#### [REQUIREMENT]
Without including any pictures, write out all the records word for word.

#### [EXTRACTED MATERIAL]
◆ ◆ ◆ ◆ ◆ ◆ ◆

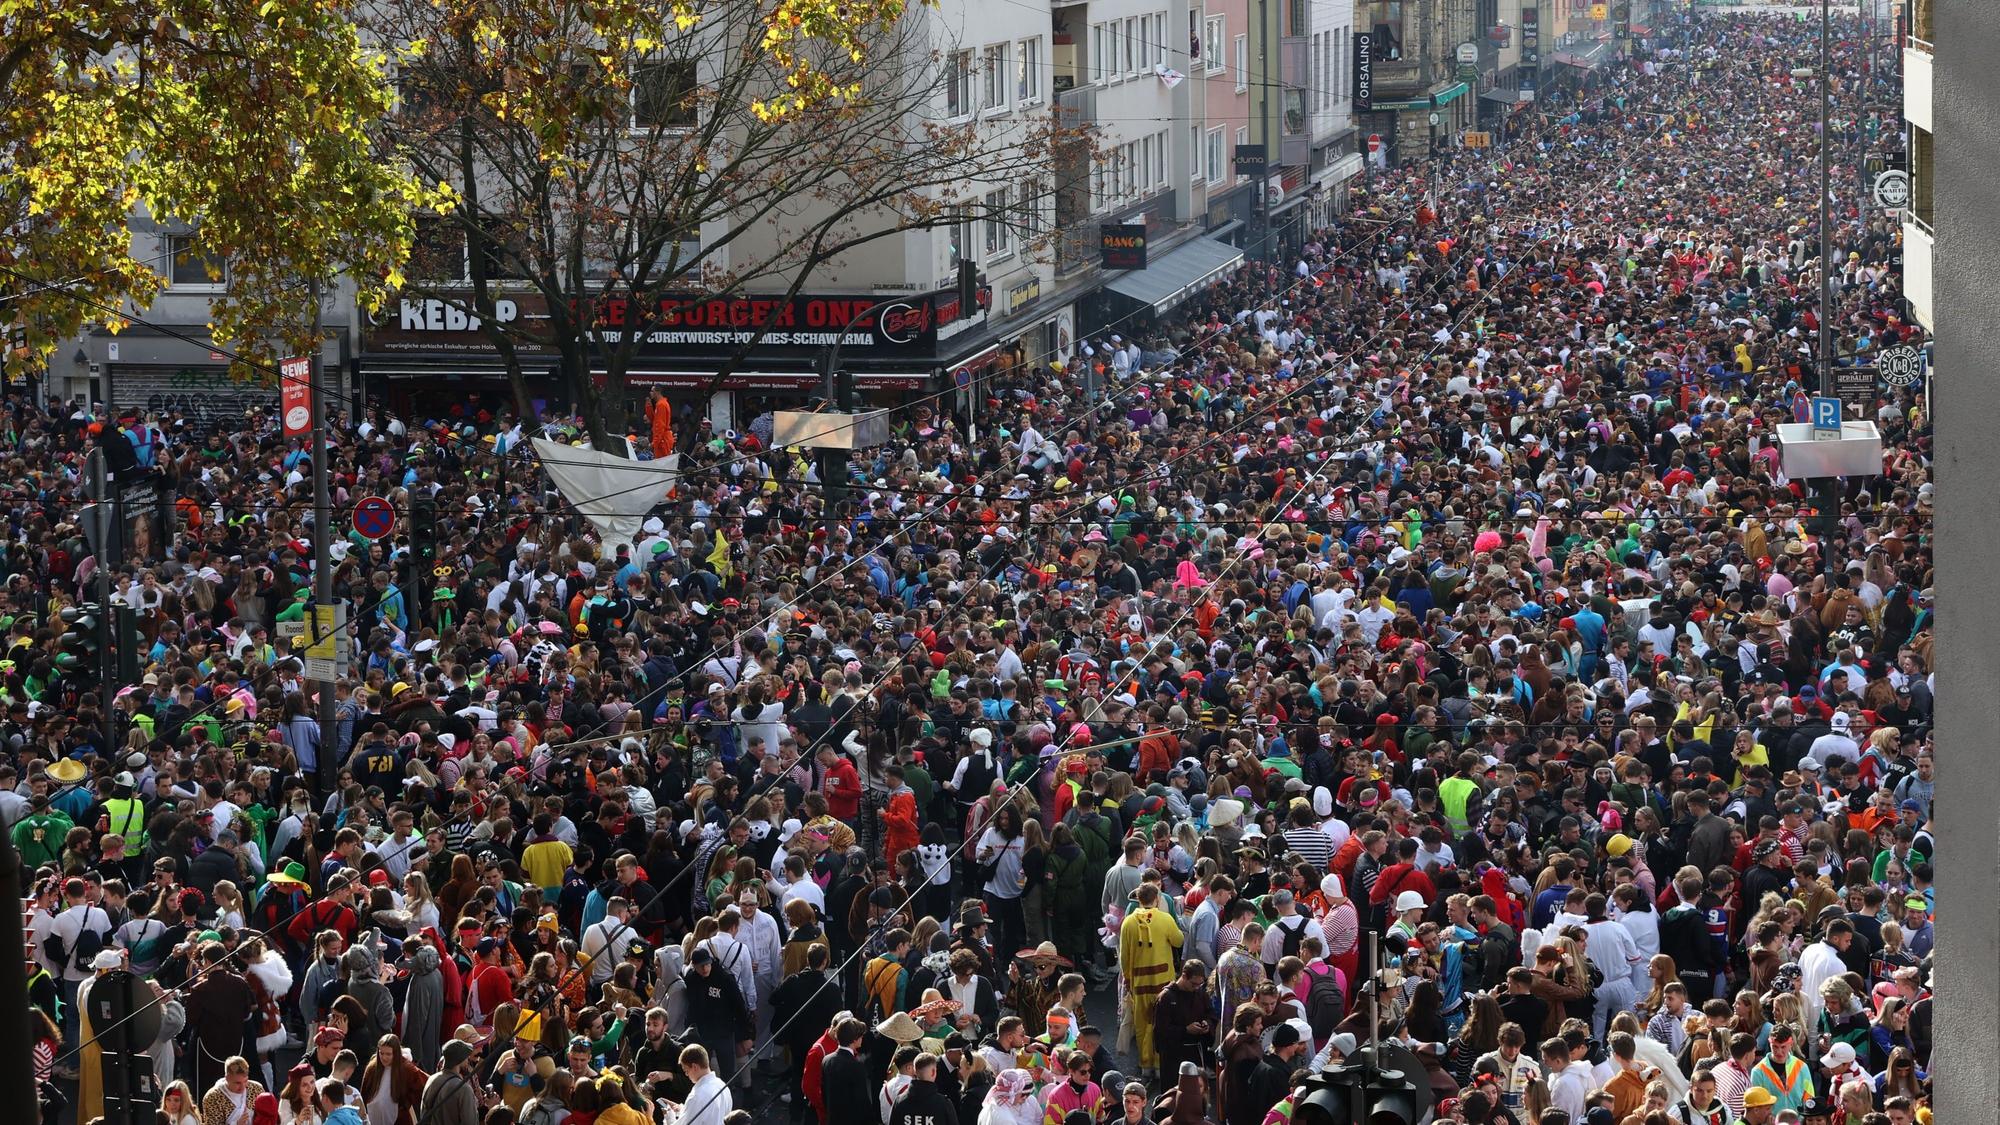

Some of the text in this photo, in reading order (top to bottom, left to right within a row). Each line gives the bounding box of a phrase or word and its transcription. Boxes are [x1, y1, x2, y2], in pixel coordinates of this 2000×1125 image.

[1236, 155, 1264, 164] duma
[660, 299, 795, 326] BURGER
[806, 299, 874, 327] ONE
[1882, 347, 1918, 363] FRISEUR
[281, 360, 309, 379] REWE
[1892, 358, 1908, 373] K&B
[1882, 369, 1918, 385] 9383320
[1819, 402, 1834, 424] P
[367, 755, 393, 774] FBI
[1708, 909, 1719, 923] 9
[708, 986, 721, 999] SEK
[903, 1114, 935, 1125] SEK

◆ ◆ ◆ ◆ ◆ ◆ ◆

#### [RESULT]
Some of the text in this photo, in reading order (top to bottom, left to right within a row). Each line gives the bounding box of a phrase or word and its transcription. Boxes are [x1, y1, x2, y2], in pixel coordinates of this 2000×1125 image.

[1236, 155, 1264, 164] duma
[660, 299, 795, 326] BURGER
[806, 299, 874, 327] ONE
[1882, 347, 1918, 363] FRISEUR
[281, 360, 309, 379] REWE
[1892, 358, 1908, 373] K&B
[1882, 369, 1918, 385] 9383320
[1819, 402, 1834, 424] P
[367, 755, 393, 774] FBI
[1708, 909, 1719, 923] 9
[708, 986, 721, 999] SEK
[903, 1114, 935, 1125] SEK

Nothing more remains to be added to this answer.